DKFZ researchers have developed EBV virus-like particles (VLPs) with enhanced safety properties

Published: 2nd September 2019
Promising effective and safe Epstein-Barr virus (EBV) vaccine based on VLPs (P-989)
Kateryna_Kon, stock.adobe.com

Background

Epstein-Barr virus (EBV) is the most common etiological agent of infectious mononucleosis (IM) and a major cause of virus-associated human cancers, predominantly lymphomas and carcinomas. EBV infection mostly occurs in early childhood and remains usually asymptomatic. However, in highly developed countries up to 50% of adolescents remain EBV-negative.
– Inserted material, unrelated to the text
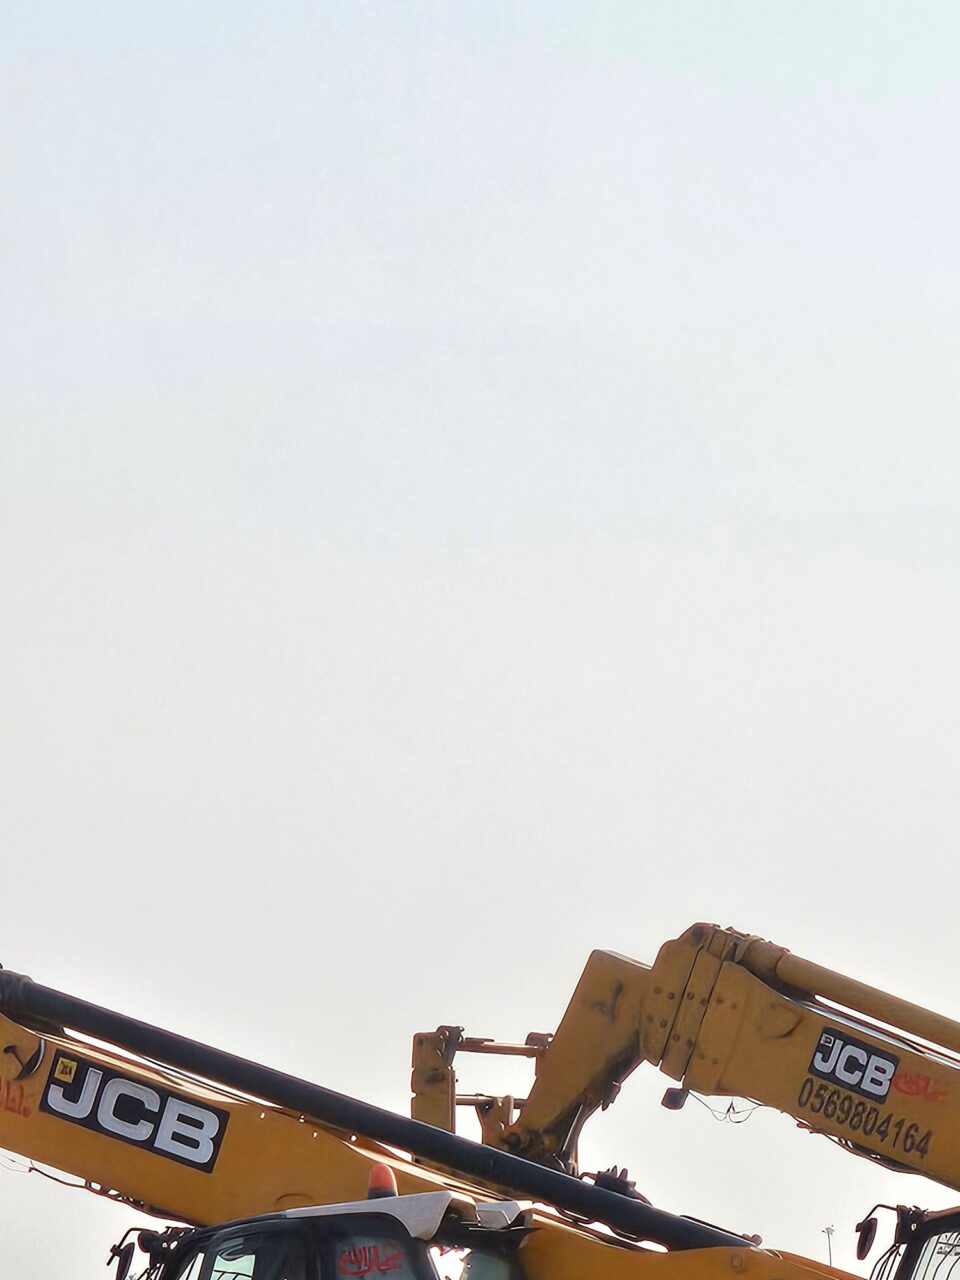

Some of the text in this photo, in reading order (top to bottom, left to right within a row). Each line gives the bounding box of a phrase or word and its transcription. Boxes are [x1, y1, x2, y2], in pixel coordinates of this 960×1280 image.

[813, 1039, 895, 1096] JCB
[47, 1067, 220, 1164] JCB
[797, 1076, 932, 1159] 0569804164
Delayed EBV infections often leads to the development of IM with a median duration of 16 days and only gradual recovery. Long-lasting fatigue for several month interferes with productivity and diminishes the quality of life. Following primary infection, EBV establishes a clinically silent persistent B-cell infection in healthy individuals. Immunosuppression, typically in the setting of organ transplantation or after HIV infection, often results in increased EBV loads and a higher risk of developing EBV-associated diseases. DKFZ researchers have developed EBV virus-like particles (VLPs) that express a wide spectrum of structural viral proteins and elicit a potent cytotoxic CD4-positive T-cell response. DKFZ researchers knocked out two proteins involved in DNA packaging allowing production of VLPs completely devoid of viral DNA that offer a safe and effective preventative vaccine against EBV infection.

Technology Overview

Infection studies performed on primary resting B cells showed that these new EBV-VLPs are not transforming. Additionally, it could be shown in qPCR assays that they are free of any contaminating EBV DNA. Incubation of EBV-VLP with B cells cocultivated with EBV-specific T-cell clones elicited IFN-γ release in a dose-dependent manner that was similar in amplitude to the one observed with wildtype viruses [see further details].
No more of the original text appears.